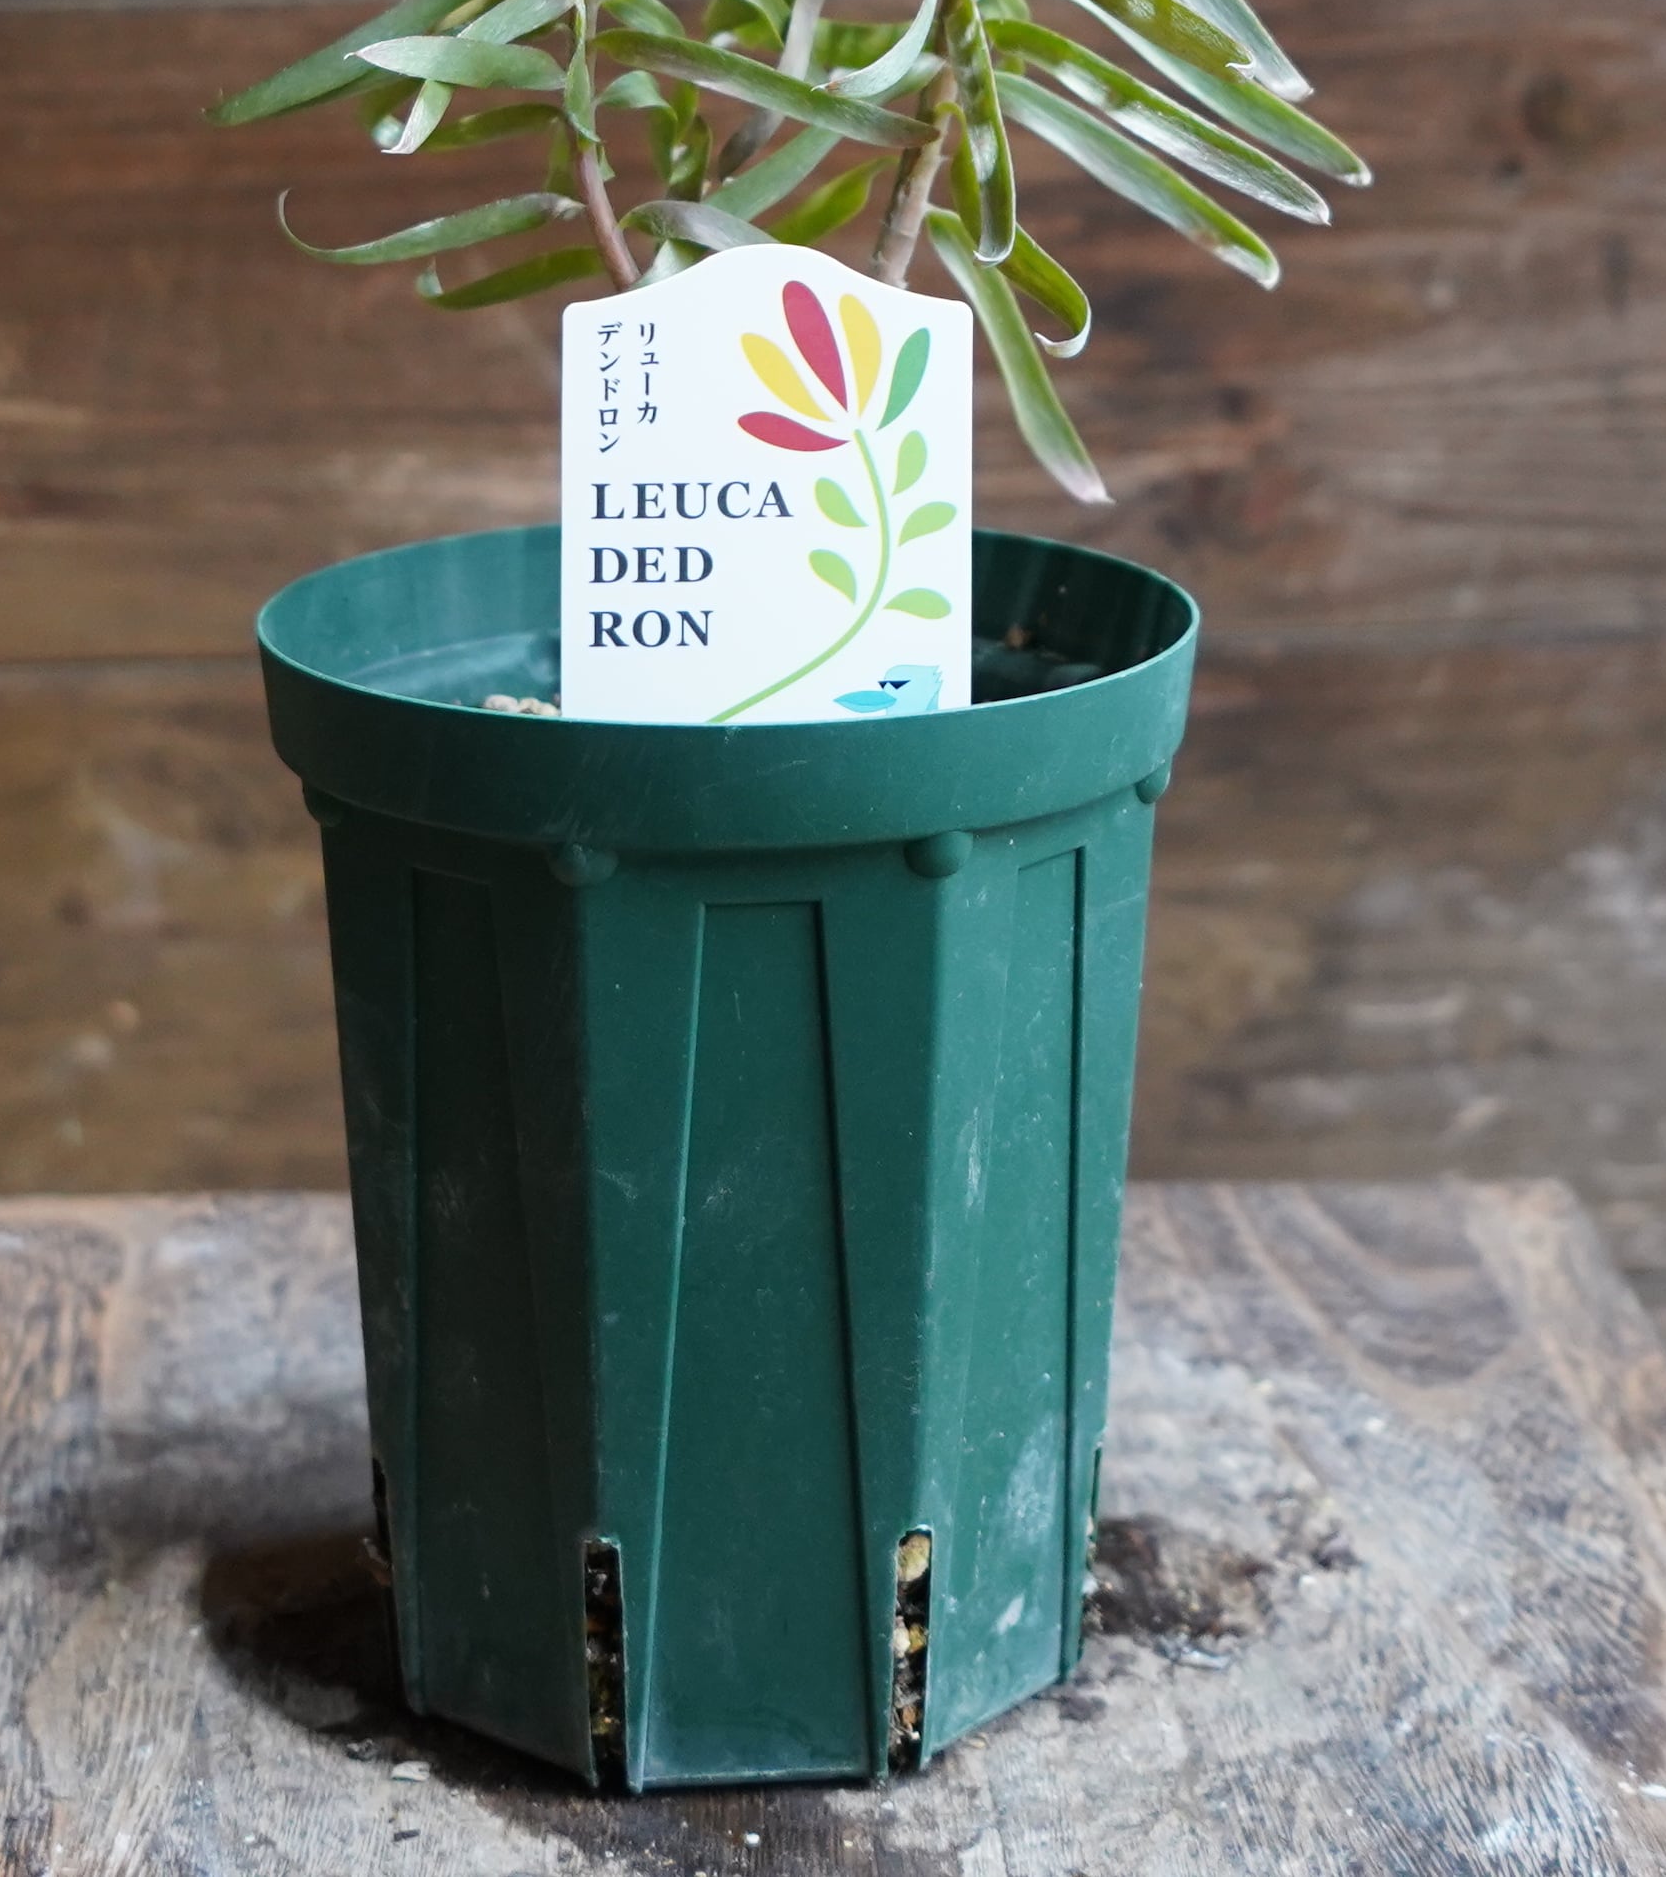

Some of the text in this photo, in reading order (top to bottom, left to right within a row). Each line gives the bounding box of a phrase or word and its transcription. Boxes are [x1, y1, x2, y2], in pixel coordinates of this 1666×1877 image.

[597, 321, 623, 453] デンドロン
[637, 322, 660, 424] リューカ
[591, 481, 794, 520] LEUCA
[588, 546, 714, 584] DED
[588, 609, 714, 648] RON
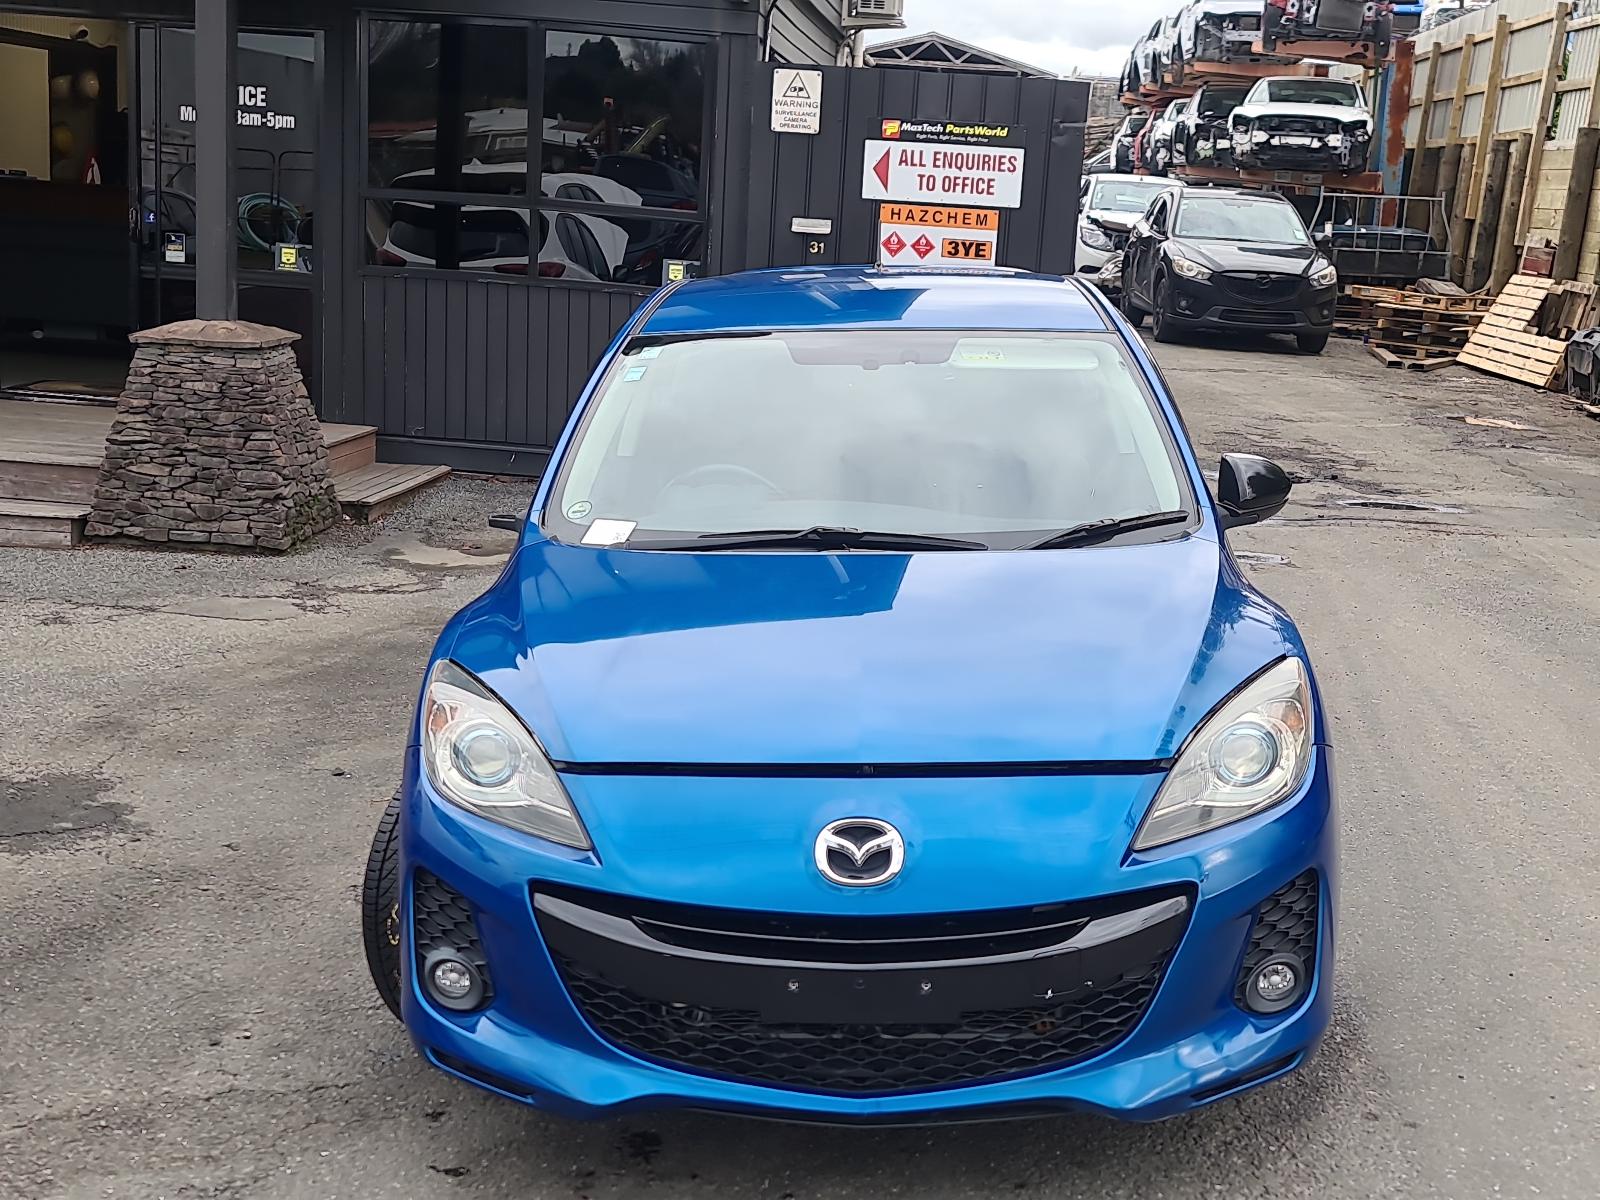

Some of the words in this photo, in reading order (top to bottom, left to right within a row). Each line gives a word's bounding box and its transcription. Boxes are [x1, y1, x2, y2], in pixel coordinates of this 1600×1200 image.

[774, 98, 819, 109] WARNING
[774, 109, 817, 118] SURVEILLANCE
[779, 122, 812, 130] OPERATING
[945, 123, 1009, 137] PartsWorld
[898, 149, 927, 168] ALL
[932, 150, 1018, 173] ENQUIRIES
[917, 174, 936, 192] TO
[942, 175, 996, 195] OFFICE
[890, 207, 988, 226] HAZCHEM
[809, 241, 825, 254] 31
[947, 240, 987, 258] 3YE
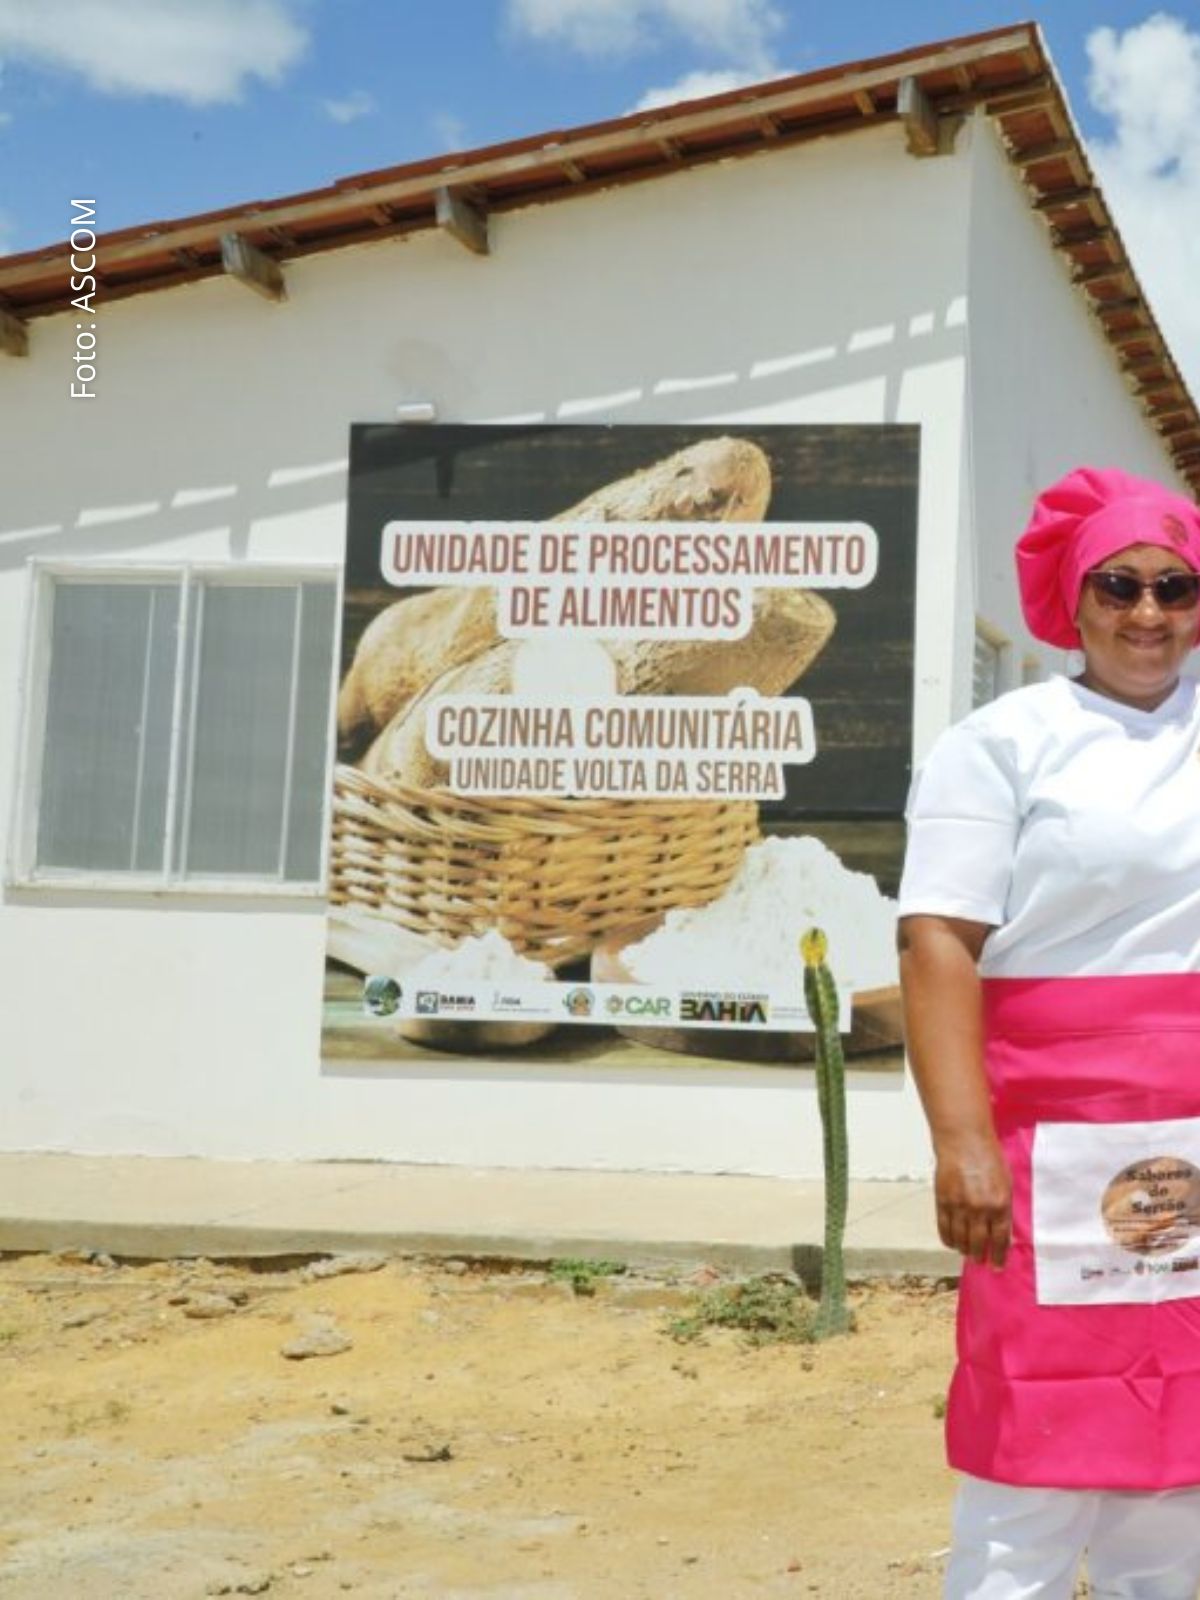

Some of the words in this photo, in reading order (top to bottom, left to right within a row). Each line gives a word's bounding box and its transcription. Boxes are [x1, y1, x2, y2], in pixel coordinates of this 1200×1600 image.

[393, 533, 528, 574] UNIDADE
[541, 535, 575, 574] DE
[590, 534, 865, 576] PROCESSAMENTO
[510, 587, 547, 626] DE
[559, 588, 741, 628] ALIMENTOS
[437, 706, 574, 748] COZINHA
[585, 700, 802, 750] COMUNITÁRIA
[457, 759, 565, 791] UNIDADE
[574, 760, 647, 792] VOLTA
[656, 761, 688, 792] DA
[697, 762, 779, 794] SERRA
[625, 996, 671, 1015] CAR
[680, 999, 768, 1023] BAHIA
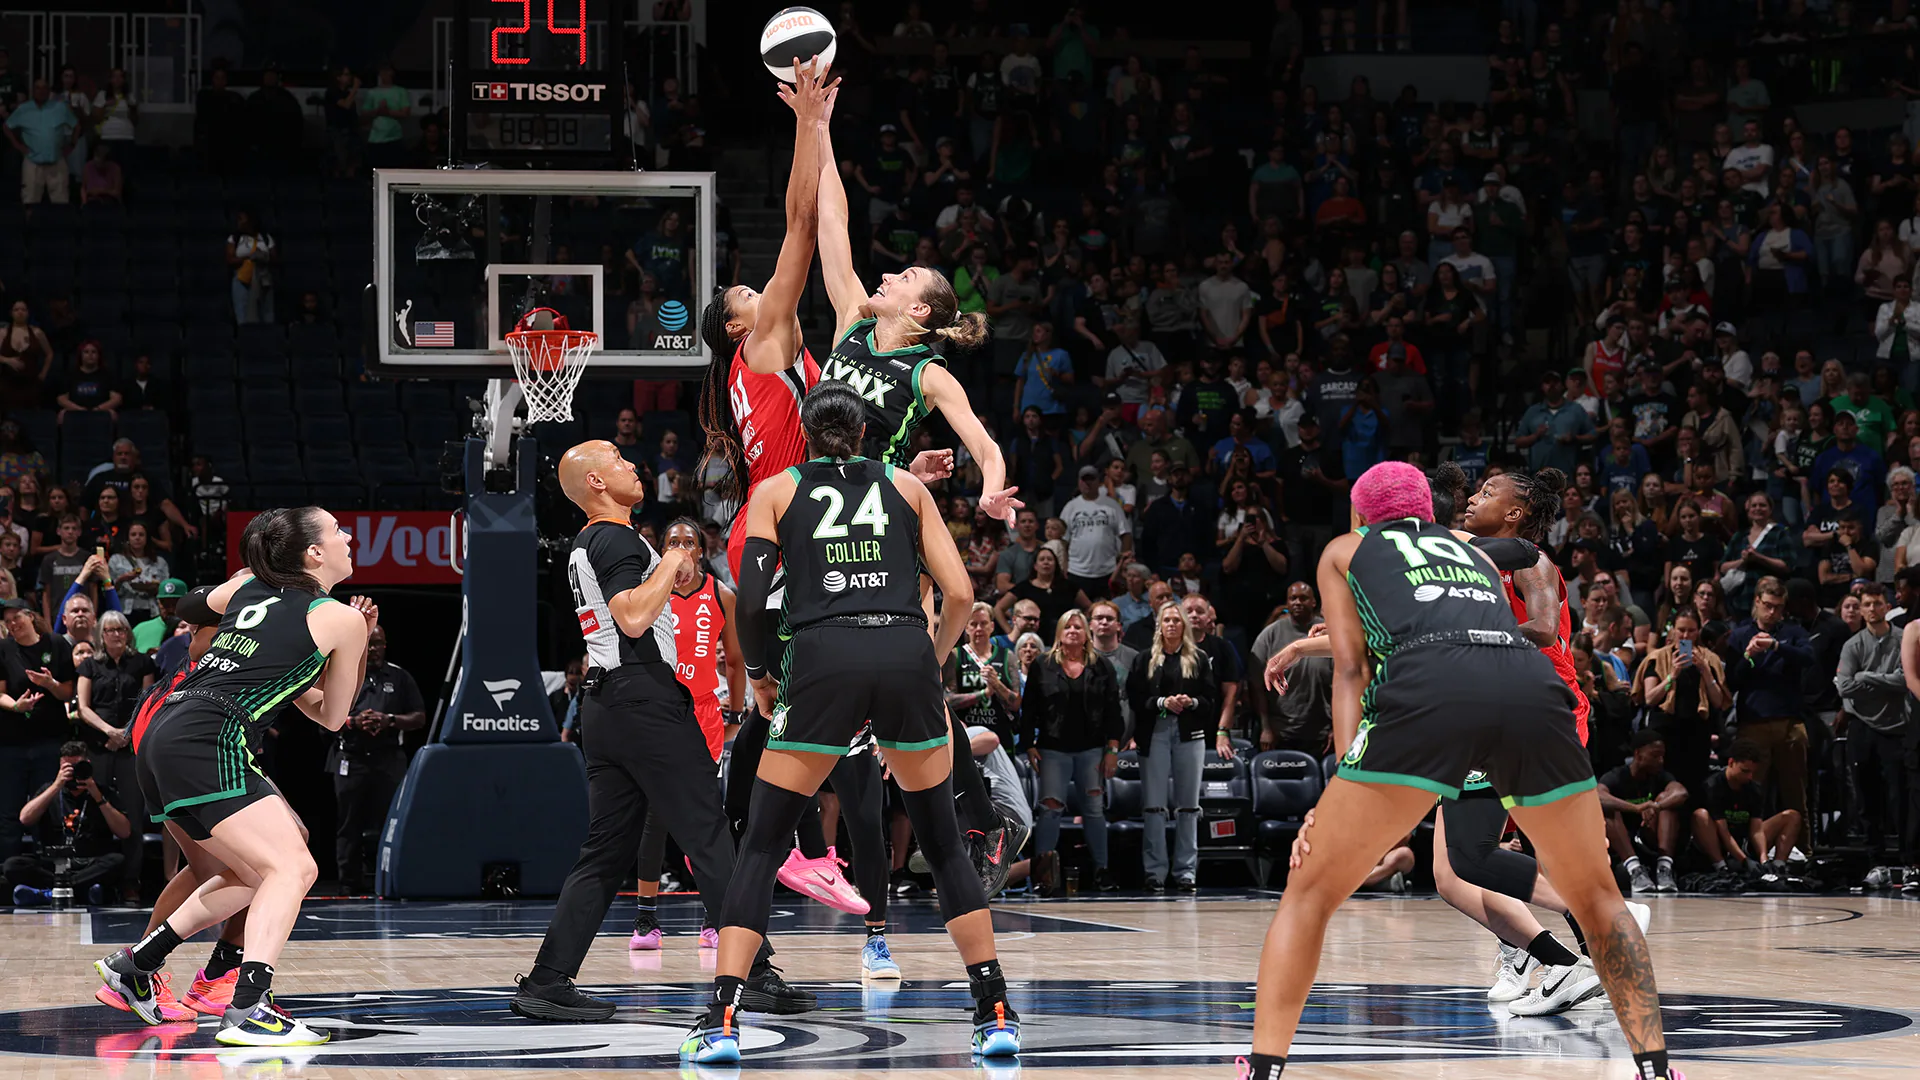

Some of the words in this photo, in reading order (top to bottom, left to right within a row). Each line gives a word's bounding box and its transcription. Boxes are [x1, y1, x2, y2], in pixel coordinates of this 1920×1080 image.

◆ ◆ ◆ ◆

| AIM OF THE TASK |
Every record above must be printed exactly, except for its images.

| FINISHED TASK |
Some of the text in this photo, in reading order (top to bottom, left to right within a row). Each line gives the bounding box of a phrase or word and its transcription. Boxes are [x1, y1, x2, y2], in pixel coordinates of this 1666×1877 image.

[597, 321, 623, 453] デンドロン
[637, 322, 660, 424] リューカ
[591, 481, 794, 520] LEUCA
[588, 546, 714, 584] DED
[588, 609, 714, 648] RON

Some of the words in this photo, in reading order (top to bottom, left to right within a row). Each line gives a word's bounding box and its transcription. Boxes are [x1, y1, x2, y2], in pixel coordinates of this 1600×1200 image.

[774, 98, 819, 109] WARNING
[774, 109, 817, 118] SURVEILLANCE
[779, 122, 812, 130] OPERATING
[945, 123, 1009, 137] PartsWorld
[898, 149, 927, 168] ALL
[932, 150, 1018, 173] ENQUIRIES
[917, 174, 936, 192] TO
[942, 175, 996, 195] OFFICE
[890, 207, 988, 226] HAZCHEM
[809, 241, 825, 254] 31
[947, 240, 987, 258] 3YE

Some of the words in this photo, in reading order (top to bottom, left to right within a row). Each line gives a word's bounding box and its transcription. Boxes are [x1, y1, x2, y2], in pixel coordinates of this 1200×1600 image.

[393, 533, 528, 574] UNIDADE
[541, 535, 575, 574] DE
[590, 534, 865, 576] PROCESSAMENTO
[510, 587, 547, 626] DE
[559, 588, 741, 628] ALIMENTOS
[437, 706, 574, 748] COZINHA
[585, 700, 802, 750] COMUNITÁRIA
[457, 759, 565, 791] UNIDADE
[574, 760, 647, 792] VOLTA
[656, 761, 688, 792] DA
[697, 762, 779, 794] SERRA
[625, 996, 671, 1015] CAR
[680, 999, 768, 1023] BAHIA

Some of the words in this photo, in reading order (top to bottom, left to right within a row). Each line gives a word's bounding box and its transcription. Boxes are [x1, y1, x2, y2], in pixel coordinates of this 1920×1080 image.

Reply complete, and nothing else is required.